Maybe it was the editor, I don't know. All writers have an identifying syntax, or voice, sometimes subtle, sometimes not so much. Some voices announce themselves at the opening sentence; or at the very least, the first paragraph. The voices of Stephen King and Peter Straub are equally unmistakable. Read two books by each and you'll recognize them forever; like 'em or not. I am a fan of both. Mr. King tells a whopping story and claims, in no way, to be churning out literature. Straub's stories have a slow build; you don't know where he's going but you know that protagonist very well by the time the band's in full swing. He sneaks up on you. King's stories begin with a bang but your relationship with the protagonist is a slow dance. A Pavane, a measured progression often ending with a crescendo where you'd least expect. Somehow these men collaborated well enough that The Talisman is nearly seamless. The voice is not one or the other, but Traveling Jack is the state of grace that binds the story, start to finish. He's on a journey from one coast to the other, slipping in and out of the America we know and a place called the Territories. The Territories, despite their unmistakable differences are, in fact, a clear reflection of who we are. Jack exits his home, leaving his mother behind, from a beach hotel closed for the season. He's twelve; on that cusp between boyhood and whatever might follow. In his progression, temporarily motherless, he reinvents himself.
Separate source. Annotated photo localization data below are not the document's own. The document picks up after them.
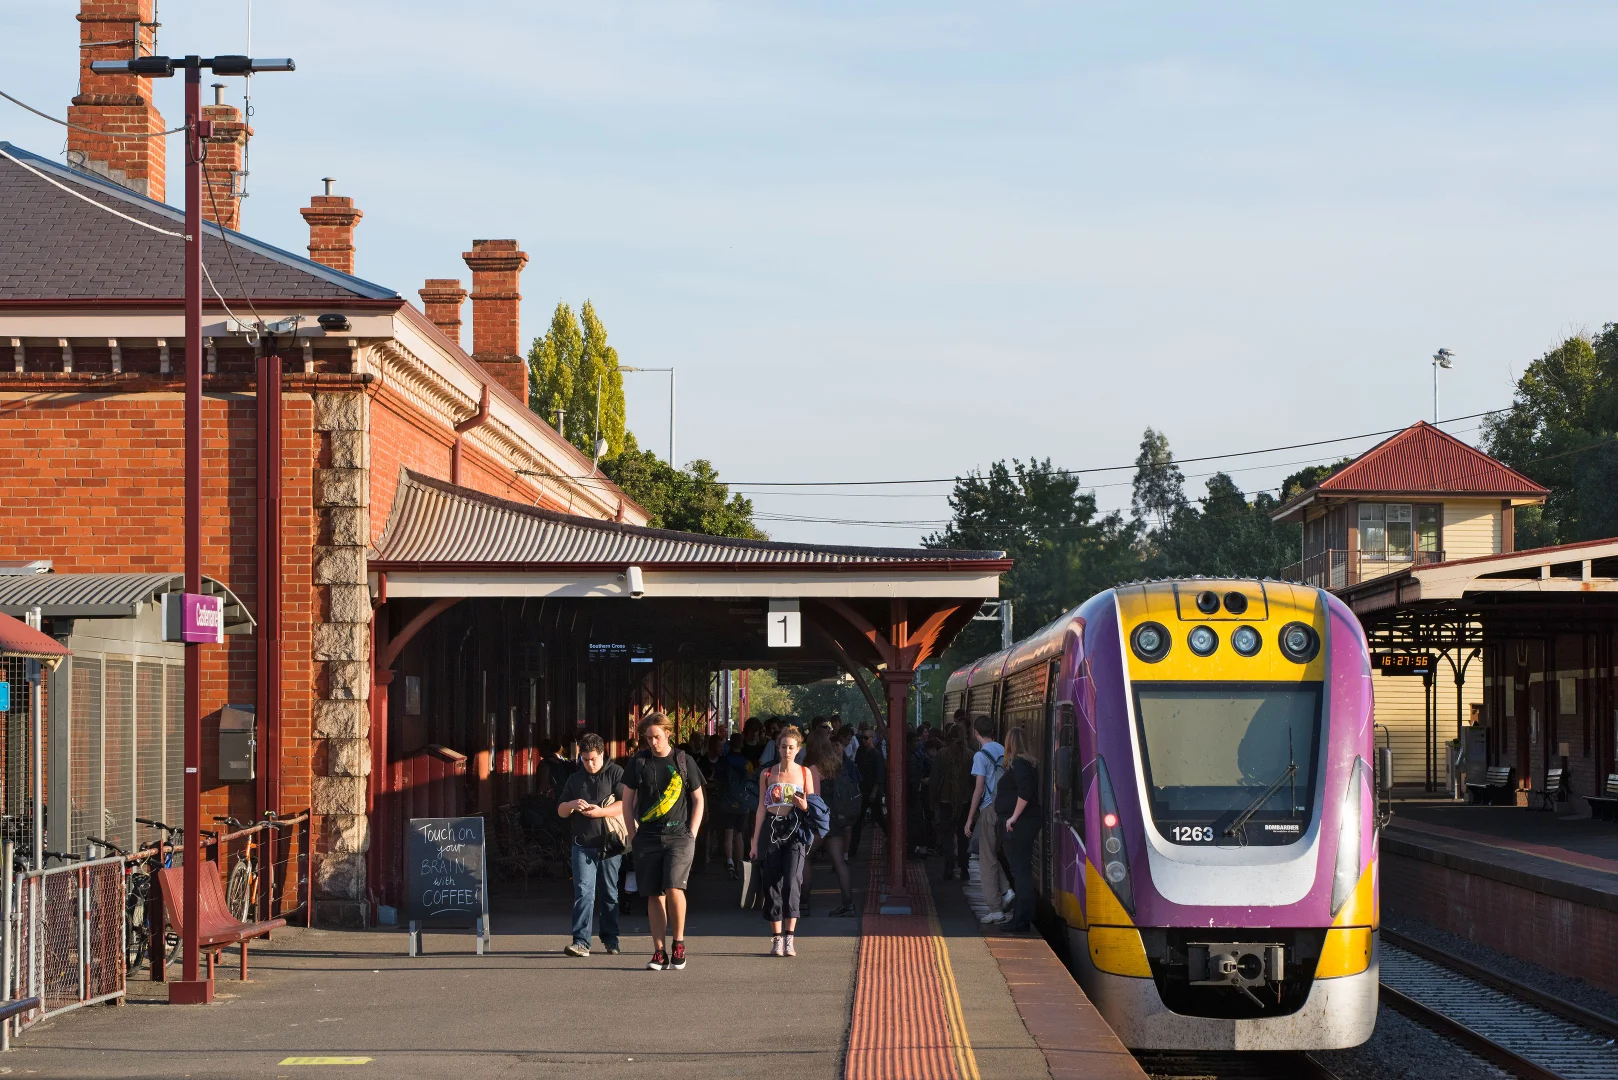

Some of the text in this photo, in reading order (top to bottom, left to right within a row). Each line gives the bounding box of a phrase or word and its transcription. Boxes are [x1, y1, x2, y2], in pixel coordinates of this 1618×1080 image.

[777, 615, 787, 643] 1
[1381, 656, 1428, 666] 16:27:56
[418, 822, 476, 844] Touch on
[1172, 826, 1214, 841] 1263
[436, 844, 465, 859] your
[420, 857, 465, 875] BRAIN
[433, 876, 456, 886] with
[422, 888, 479, 907] COFFEE!
Or maybe that sort of reinvention is the picking and choosing of the traits that support a broader vision. Maybe, when we leave home with the intent to become another sort of person, we believe we pluck attributes from the ether, inventing ourselves from whole cloth. This is never true, but sometimes we need very badly to believe.
But what of the people we leave behind? What do they remember, what do they love, what is missed the most? More importantly, by what methods do we retain the presence of their core?
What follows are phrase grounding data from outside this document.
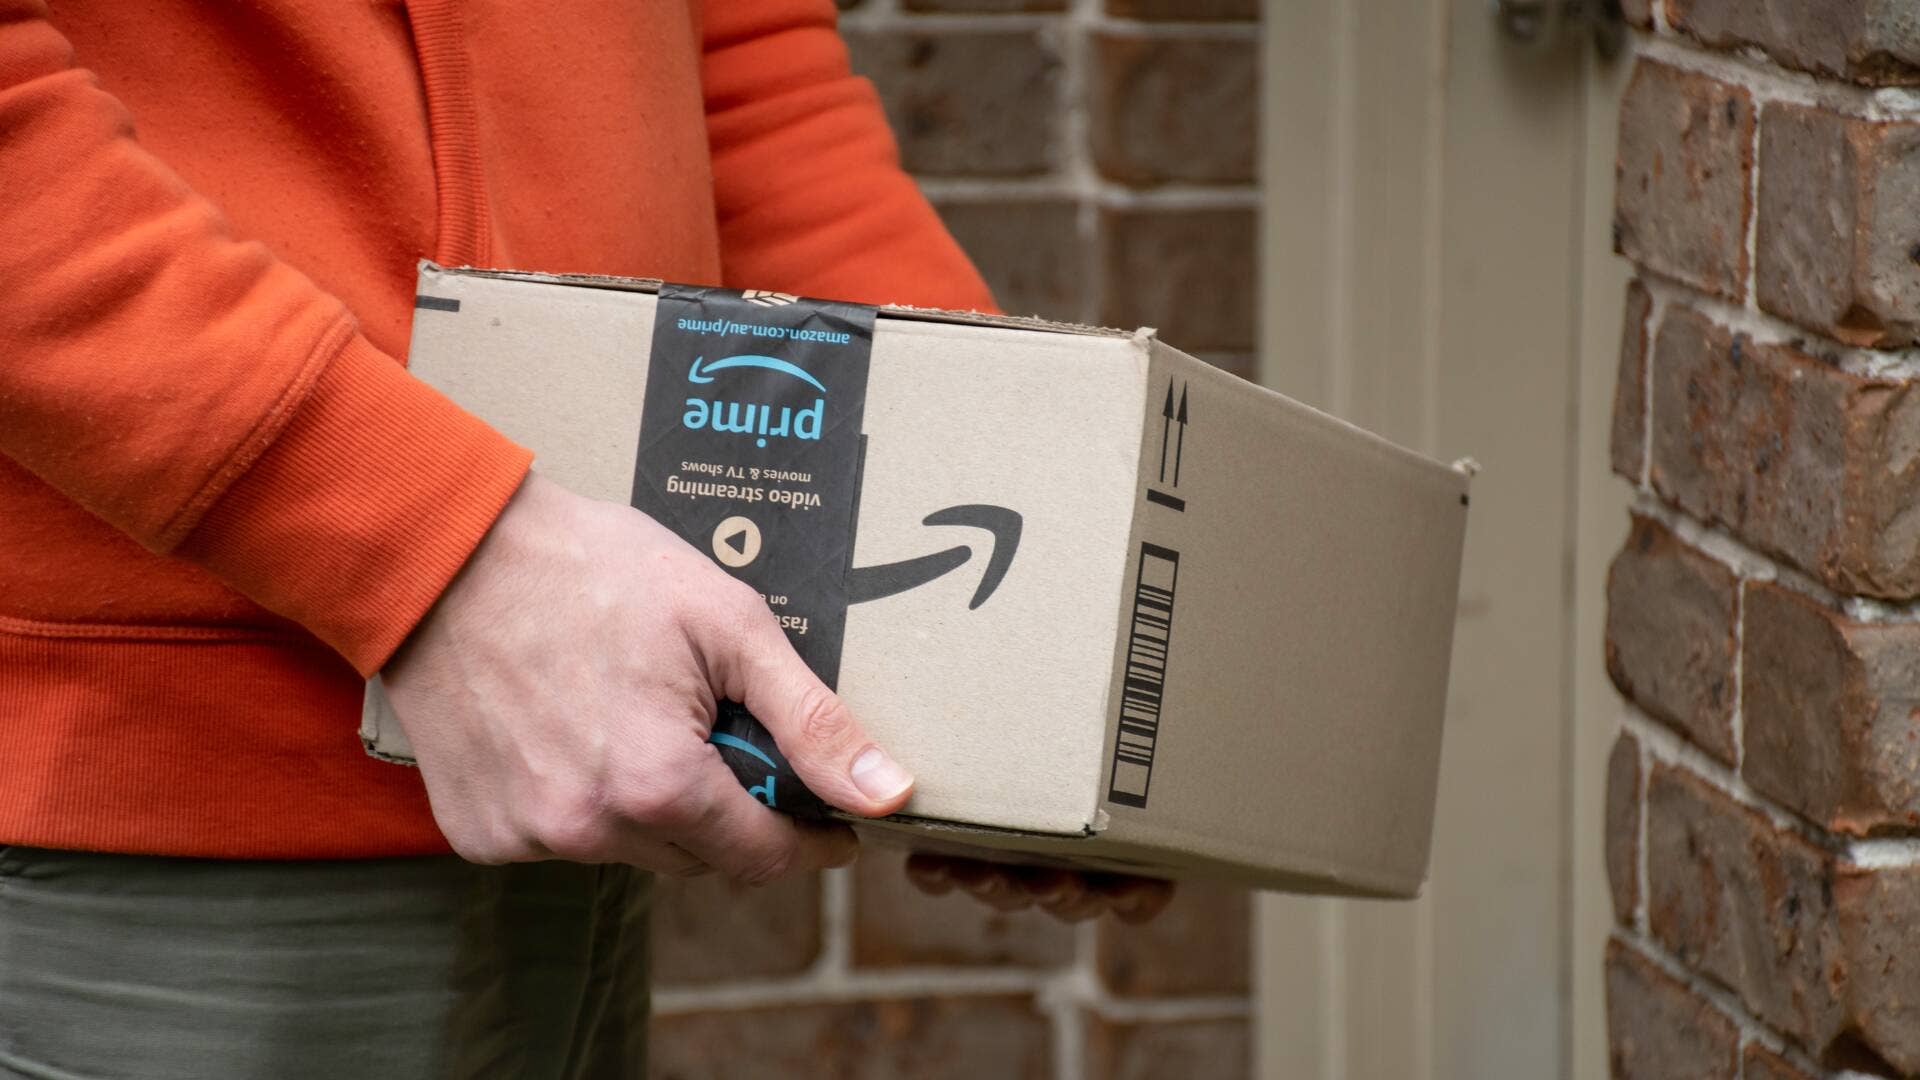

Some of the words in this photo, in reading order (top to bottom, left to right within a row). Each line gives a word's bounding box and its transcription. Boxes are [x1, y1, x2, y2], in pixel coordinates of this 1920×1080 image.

[677, 318, 850, 344] amazon.com.au/prime
[683, 398, 825, 448] prime
[681, 461, 723, 475] shows
[726, 463, 745, 479] TV
[750, 468, 760, 480] &
[764, 469, 811, 483] movies
[666, 475, 764, 503] streaming
[769, 489, 821, 510] video
[770, 595, 788, 605] on
My brother, no doubt, Traveling Jack, believes very much that he's recreated himself from whole cloth. Somehow he believes when he drove south at nineteen, he never looked back. I suppose in many ways, he did not. On the other hand, I am well aware of the lifeline he held from Florida and Arizona until the time he returned to the East Coast, and I am well aware of his presence right up until he lit out once more. When he got to Colorado, a door slammed shut. He was forty-three and I was forty-five and the bond between us, specifically, had been severed once and then marginally repaired. At the end of a five year breach, we no longer knew or understood each other. We saw what we remembered and responded from that place. This massive confusion lived just below the water line. We got creamed, both of us, rolled in the surf, coming up bloody, sand burned and confused as shit.
Just now, we can't see each other through the haze of memory and expectation; but I noticed a thing the other day. My father and I have done the same thing with Traveling Jack. We hold onto talismans of who he was in another time. Both of us hold on to the good things, leaving the normal pain of living out of the vignette. My father has held onto every medal and award his boy collected during the part of the journey Jack has labeled 'learning how to learn'. I used to think my dad kept these things as a memento of his own past; Jack being the culmination of a similar journey, one that went just so far and stopped.
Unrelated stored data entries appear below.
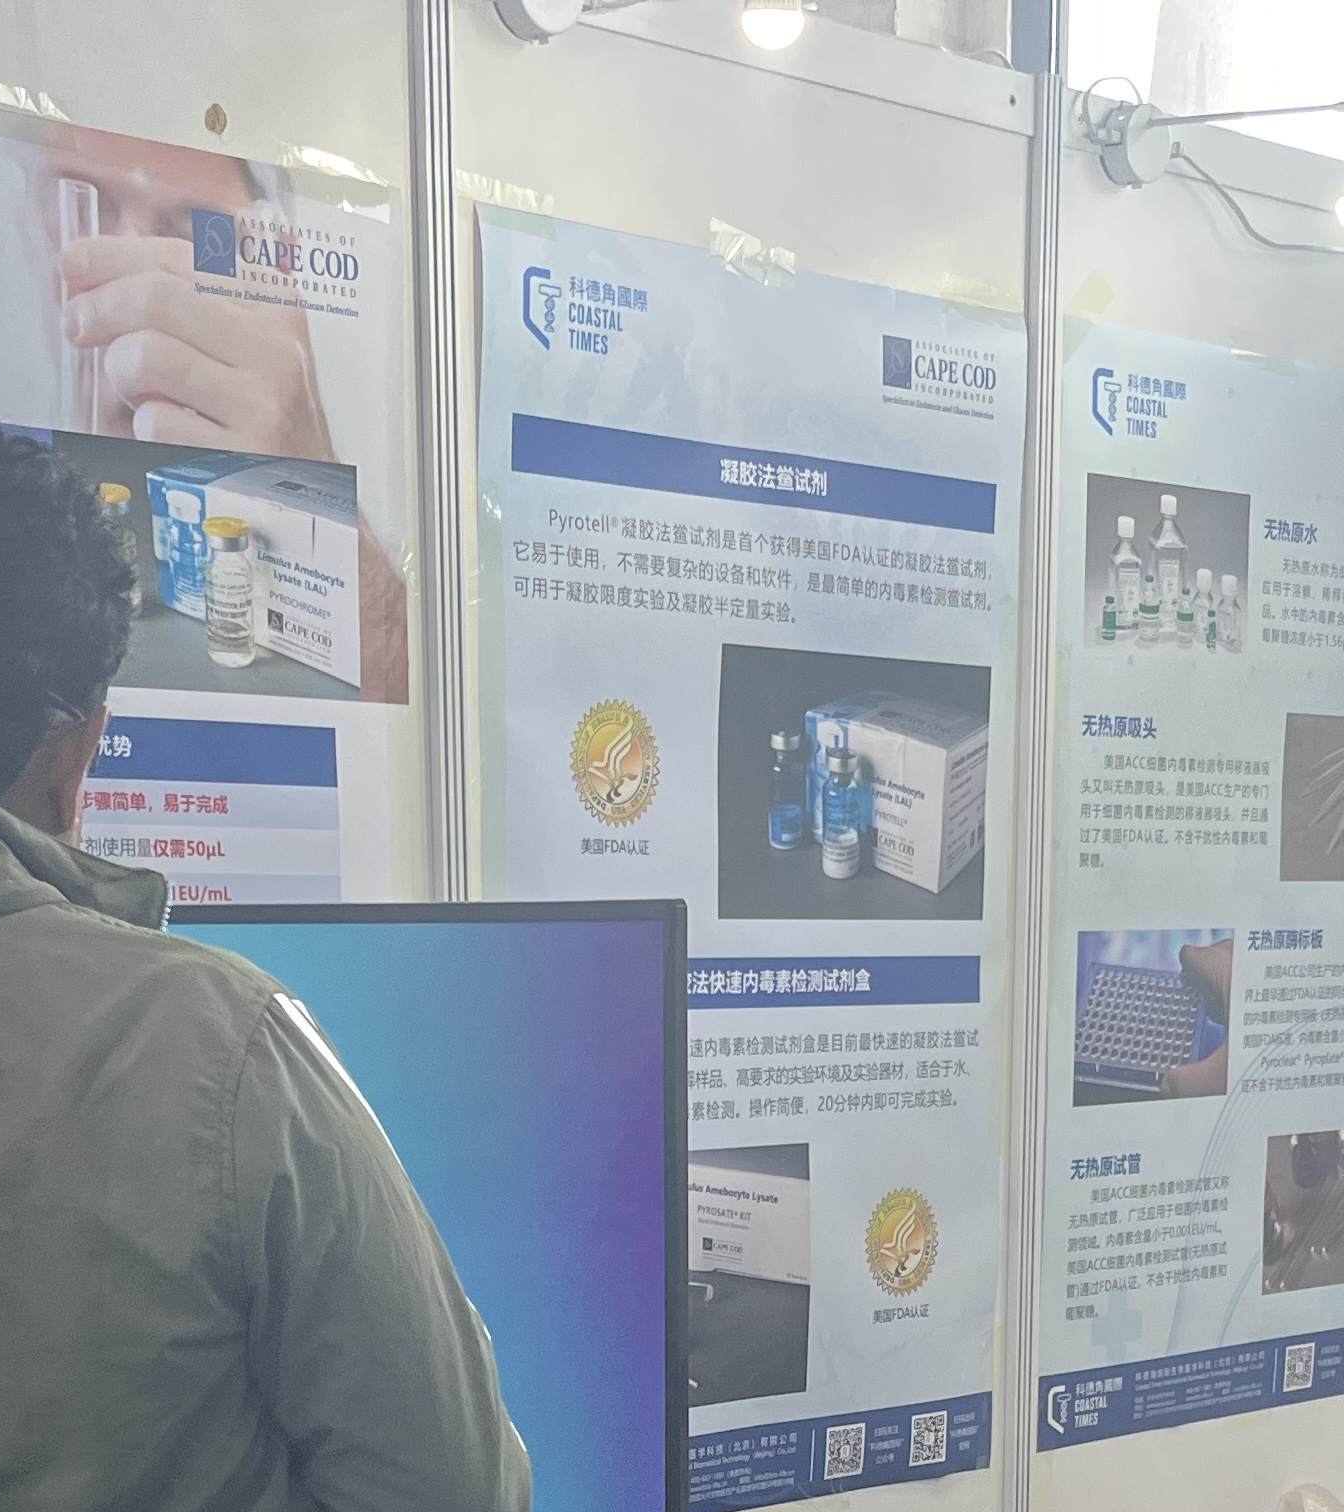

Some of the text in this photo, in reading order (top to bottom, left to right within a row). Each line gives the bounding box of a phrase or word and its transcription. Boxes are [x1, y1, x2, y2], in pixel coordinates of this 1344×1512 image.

[240, 235, 359, 281] CAPE COD
[242, 270, 357, 298] INCORPORATED
[569, 276, 648, 312] 科德角國際
[569, 302, 623, 332] COASTAL
[569, 329, 608, 355] TIMES
[915, 354, 996, 390] CAPE COD
[1126, 396, 1168, 418] COASTAL
[1126, 418, 1157, 438] TIMES
[720, 458, 828, 496] 凝胶法鲎试剂
[1264, 518, 1318, 544] 无热原水
[1081, 714, 1157, 739] 无热原吸头
[581, 837, 650, 855] 美国FDA认证
[1070, 1153, 1141, 1180] 无热原试管
[1074, 1395, 1108, 1413] COASTAL
[1074, 1413, 1099, 1428] TIMES
I thought that until I noticed the bookends. My dad may not remember, Jack most likely will not, but those things belonged to him for ten years. He left them behind with just about everything else when he drove south. But they retain the boy who owned them. I hold the childhood memories supported by photographic evidence I can look at any time he tells me a thing didn't happen, could not have happened. I hold the photographs, I hold the memories, I break my own heart over the boy I love so much. I tell myself he's dead and gone, I believe him when he says so because it's easier than believing what hurts.
I also know it isn't true. Not any of it.
Jack will always be the boy with the heart of the sun, and I will always be that bit of magic at the tree line. You can't erase a thing like that. You can bury it deep, but you cannot kill it.
Beneath the chaos of our childhoods and the not so lost memories, I know the man and the man knows me.